Cuando vi el nombre de los santos del día se me puso una carita de tul ilusión, enseguida pensé en la preciosa película de los años 50: Marcelino, Pedro vino, o Marcelino, pan y vino.
De esas películas que desatan pasiones, pero divinas pasiones místicas.
Yo intentaba imitar a Marcelino pero a mí ninguna imagen me habló o yo no lo oí, así que tuve que pensar en imitar a el Viti, torero de éxito. Tuve un resultado sinagogo.
Pues no, estos santos y mártires, perdonad el spoiler, vivieron en Roma desde mediados del siglo III hasta el año de su muerte: 304.
Marcelino era un sacerdote que gozaba de un merecido prestigio en Roma debido a su santo ejemplo y a que se hacía acompañar en su misión por Pedro, un hombre con la capacidad de expulsar el demonio de los cuerpos de las endemoniadas. Casi siempre mujeres.
Con un equipo así, unos Starky&Hutch de la evangelización, tenían más tirón que Michael Jordan.
Pedro despertaba tales recelos entre la población que se volvían, endemoniados, contra él.
Denunciado, al juez vicario Severo, de la familia del emperador Septimio, de los más severos de toda la vida, mandó prender a Pedro y enviarlo a prisión castigado porque quitaba trabajo a los dioses paganos.
Su carcelero Artemio tenía una hija que le daba mala vida y que no se la acaban de llevar los demonios y se la encomendó a Pedro a ver si la metía en vereda.
La chiquilla, agraciada jovencita con los ardores infernales propios del paso de la pubertad a la adolescencia, se retorcía endemoniada contra sus padres por tener que vivir con ellos en la cárcel y no poder salir de paseo todas las tardes con sus amigas.
Pedro se dedicó en cuerpo y alma a meterla en cinta, pero sin que fuera embarazoso, y tanto le debió de meter de los placeres paradisíacos que la chiquilla ya no quería ir a ningún lado sino quedarse entre las santas y virtuosas manos de Pedro.
Ante tamaño milagro Artemio, el carcelero, su mujer Cándida y su trabajada hija Paulina se convirtieron al cristianismo.
Y además de ellos muchos otros que estaban en la prisión. Tan es así que Pedro le pidió a Marcelino que viniera a la prisión a catequizar y bautizar a los nuevos creyentes.

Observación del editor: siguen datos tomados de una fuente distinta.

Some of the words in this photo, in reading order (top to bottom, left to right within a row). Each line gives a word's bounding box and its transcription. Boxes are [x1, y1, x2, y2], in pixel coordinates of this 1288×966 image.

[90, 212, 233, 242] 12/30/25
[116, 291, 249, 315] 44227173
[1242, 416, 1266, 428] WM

Así lo hizo, pero Severo montó en cólera y los mando traer y delante de ellos desolló vivo al carcelero Artemio para que apostataran pero parece ser que esto del tormento en diferido no es lo más eficaz salvo en casos de familiares directos.
Cansado de torturar, no todo es devoción y alegría como puede parecer en ese oficio, mandó que sepultaran vivos a Artemio y familia y a Marcelino después de un rato de desuello lo llevaron a una cárcel y a Pedro, con el que no se atrevía, a otra de máxima seguridad.

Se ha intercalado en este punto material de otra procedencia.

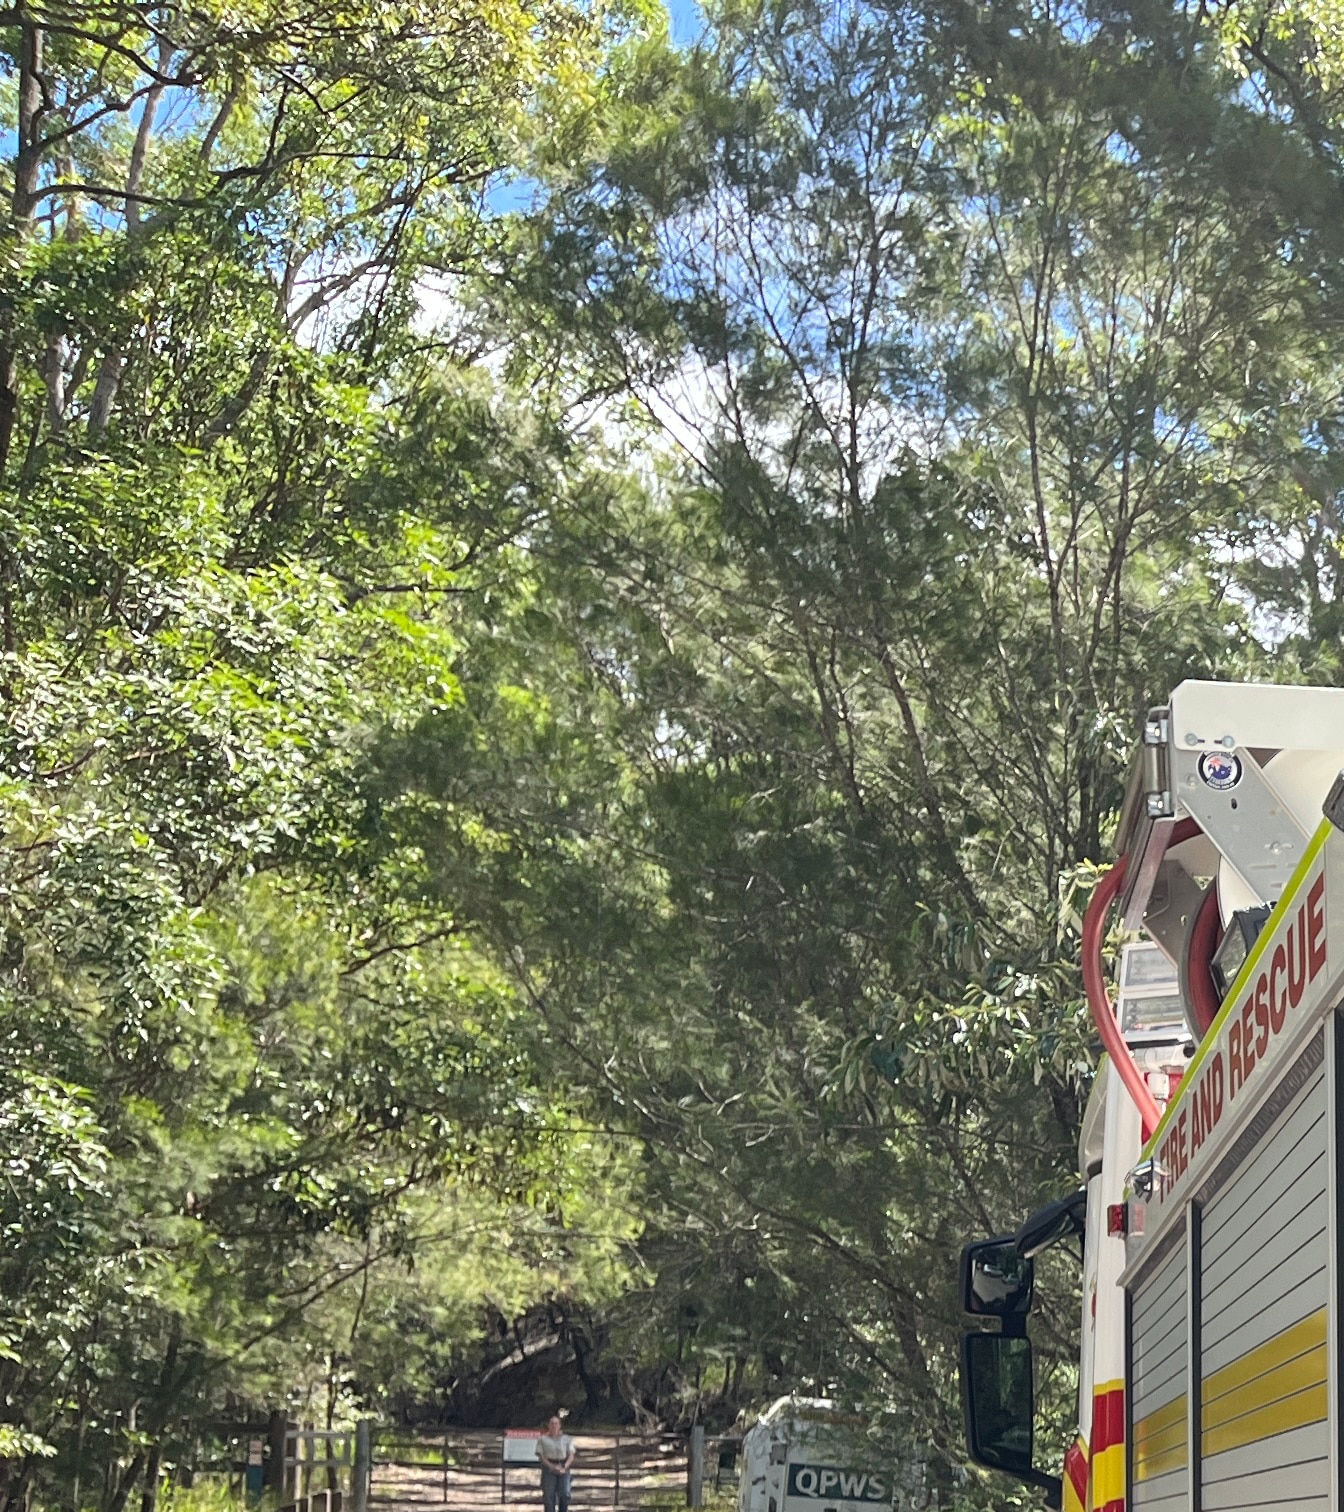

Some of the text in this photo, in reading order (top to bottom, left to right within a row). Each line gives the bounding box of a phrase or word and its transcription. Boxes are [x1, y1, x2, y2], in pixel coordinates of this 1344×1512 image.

[1160, 871, 1327, 1205] FIRE AND RESCUE
[795, 1468, 887, 1499] QPWS

Un Ángel fue a curar a Marcelino y quitarle las cadenas y lo trasladó a la celda de Pedro en la otra cárcel al que también desencadenó. Pero no consiguió panerles a salvo.
Y digo yo don Ángel, no consta el nombre, supongo que él mismo querría echar tierra sobre el asunto, ¿no podías haberlos sacado de allí ya de puestos?.
Severo se volvió a enterar, mucho espía o chivato en todas partes, y decidió que los decapitaron a los dos, pero de tapadillo que eran muy populares y a saber de qué eran capaces.
Pidió juramento de silencio a la guardia que se los llevó fuera de Roma a una zona llamada Selva Negra, pero no la de las tartas, otra, y que los decapitaran y enterraran sin que se supiera dónde para evitar santuarios, ermitas, restos y reliquias.
Tuvieron que limpiar y cavar el terreno ellos mismos y esa pulcritud y esmero impresionaron al verdugo de tal manera que se convirtió al cristianismo, aunque se abstuvo de comentarlo voz en cuello, temiendo por el suyo, que ya habría tiempo.
No se sabe si el verdugo o todos los demás que debían guardar secreto lo contaron en cuanto tuvieron ocasión, proverbial el cotilleo romano, el caso es que enseguida se recogieron los restos de los santos Marcelino y Pedro que fueron regalados por el papa Gregorio IV a Carlomagno y se encuentran en un monasterio cerca de Francfort.
Parece que los restos, no ellos, hicieron muchos milagros al cántico de los creyentes:
“Marcelino y Pedro poderosos protectores, escuchad nuestros clamores”.
El ripio suena bien en castellano, pero no sé si sonaría igual en latín, griego o germano…
Milagros: muchos de las reliquias, en vida sólo lo de ¡demonios fuera!
Patrones de las cándidas, las histéricas y los sepultureros.